(Records drawn from a dataset)
###
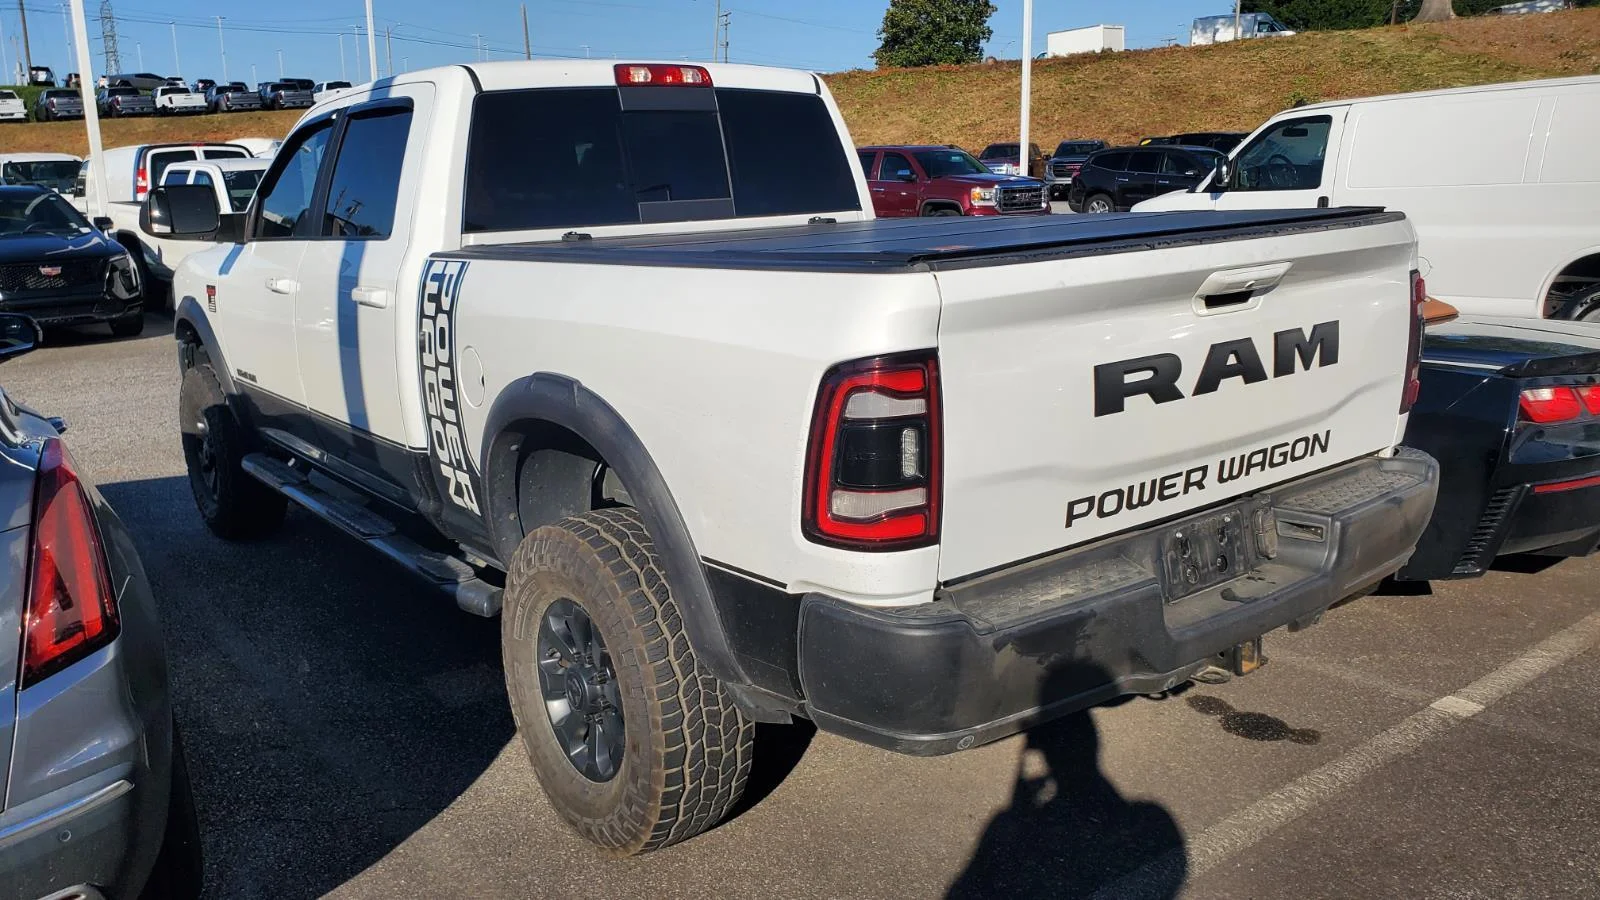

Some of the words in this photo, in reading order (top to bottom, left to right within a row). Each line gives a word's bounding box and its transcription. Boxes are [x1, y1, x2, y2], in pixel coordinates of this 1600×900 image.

[436, 262, 481, 516] POWER
[1094, 320, 1339, 417] RAM
[1065, 465, 1208, 528] POWER
[1217, 430, 1331, 484] WAGON
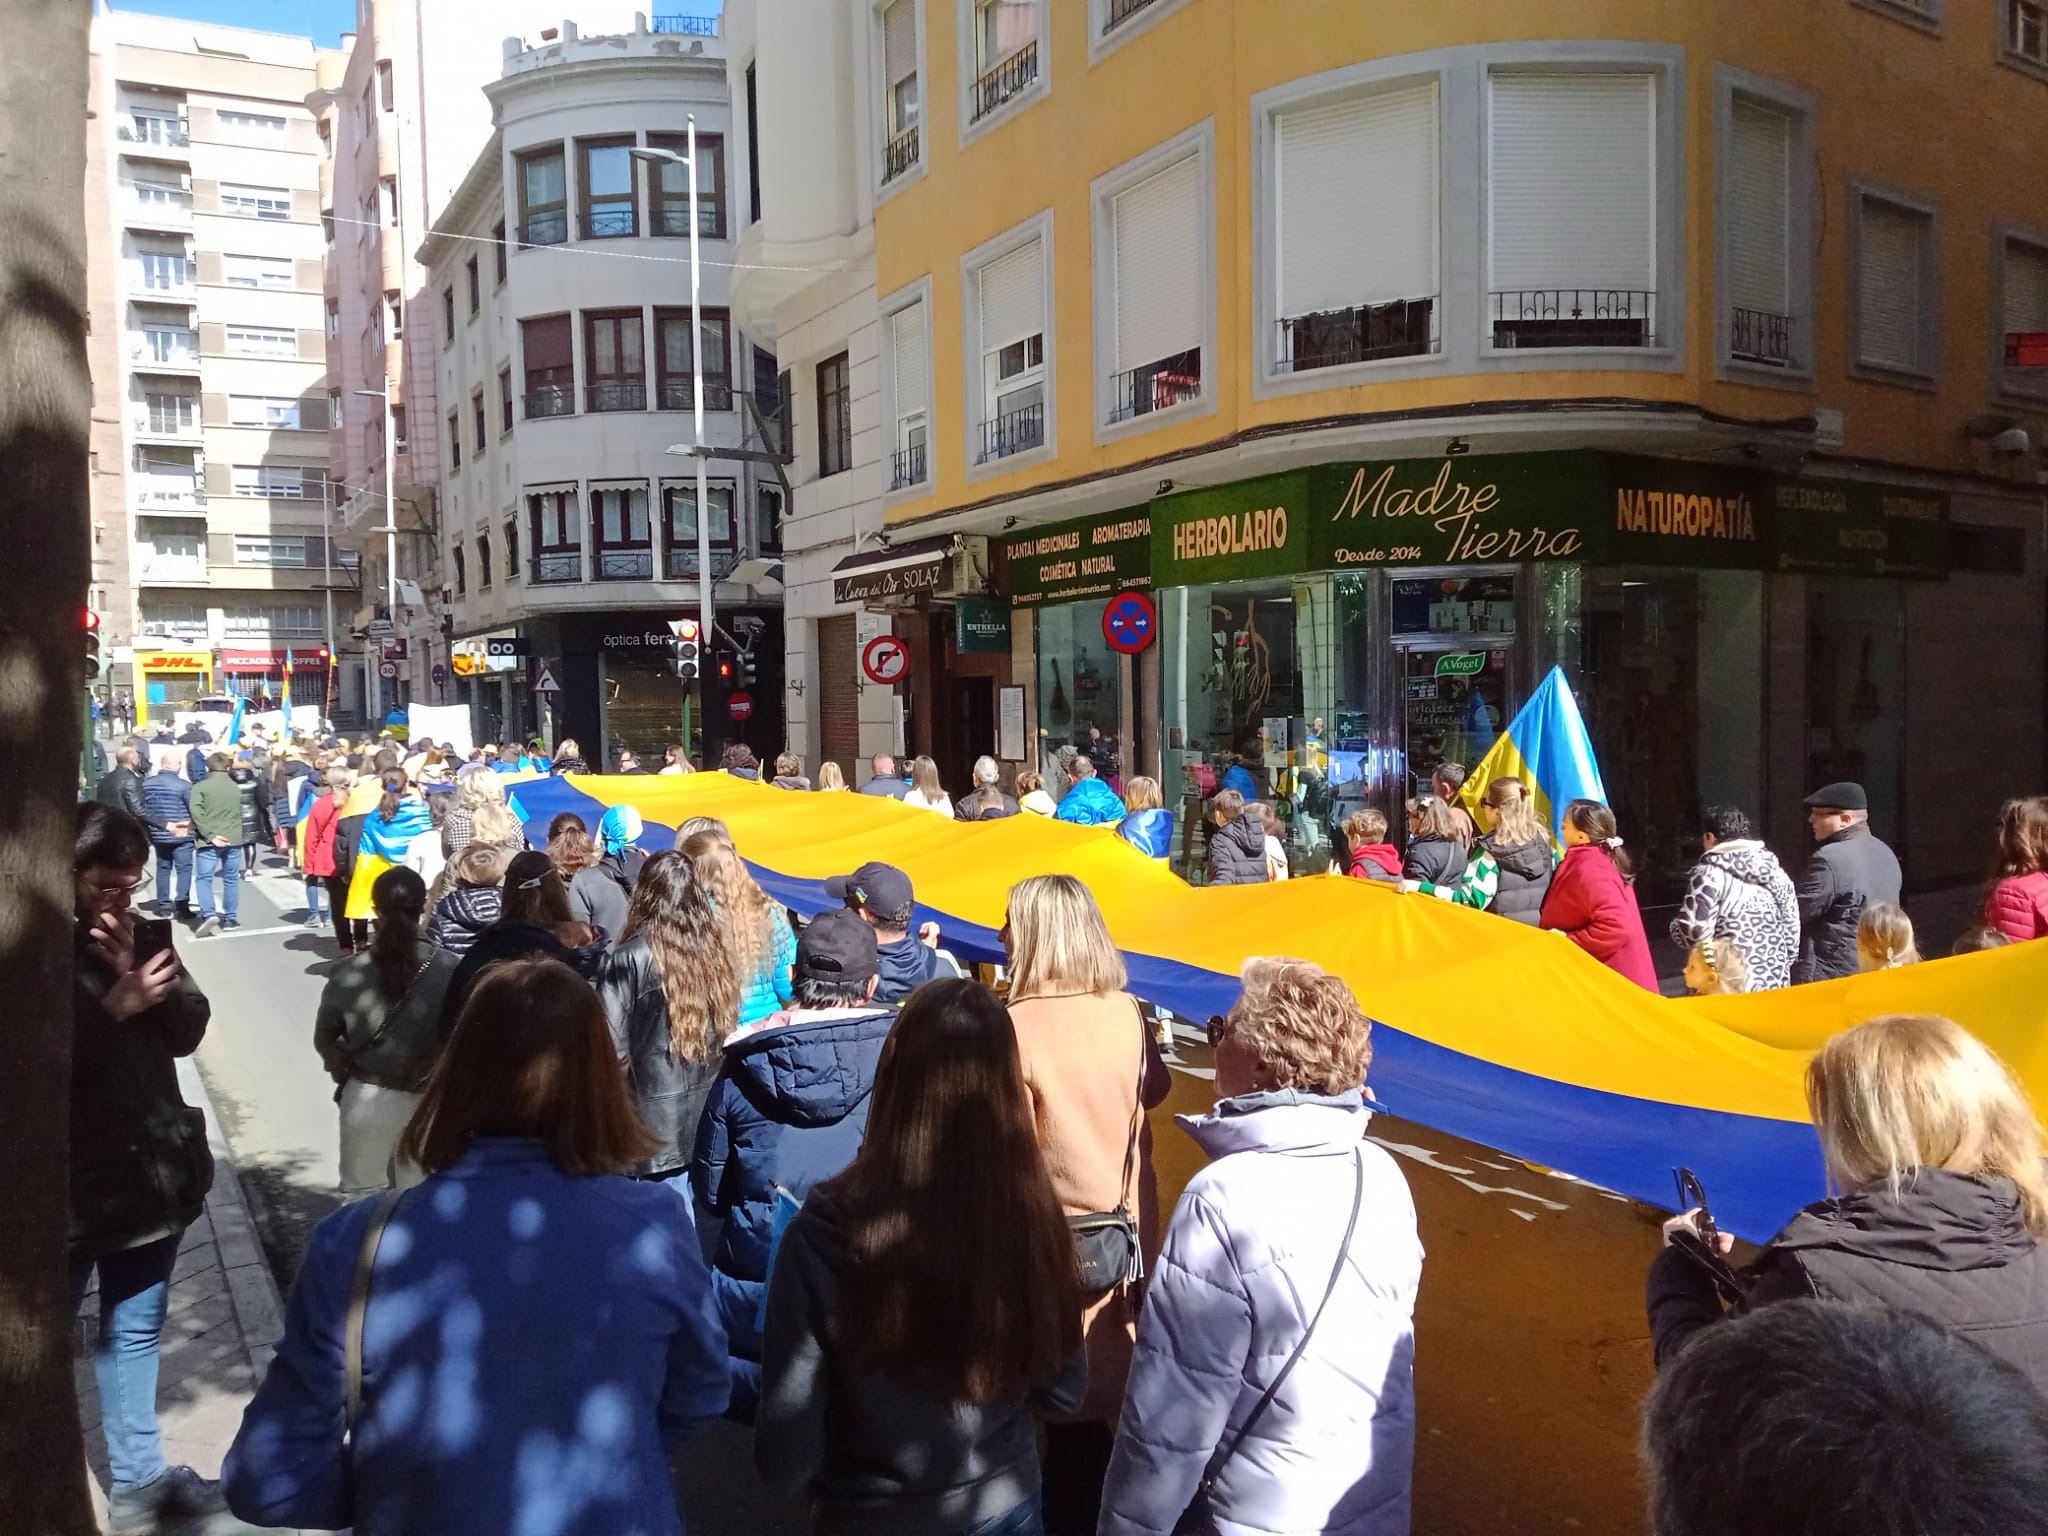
###
• _Your instructions_
Word for word, reproduce all of the data, but keep out the pictures.

• _Exercise solution_
Some of the words in this photo, in reading order (top to bottom, left to right within a row). Each line gives a word's bounding box and its transcription. Boxes are [x1, y1, x2, y2], in pixel coordinates of this 1600×900 image.

[436, 262, 481, 516] POWER
[1094, 320, 1339, 417] RAM
[1065, 465, 1208, 528] POWER
[1217, 430, 1331, 484] WAGON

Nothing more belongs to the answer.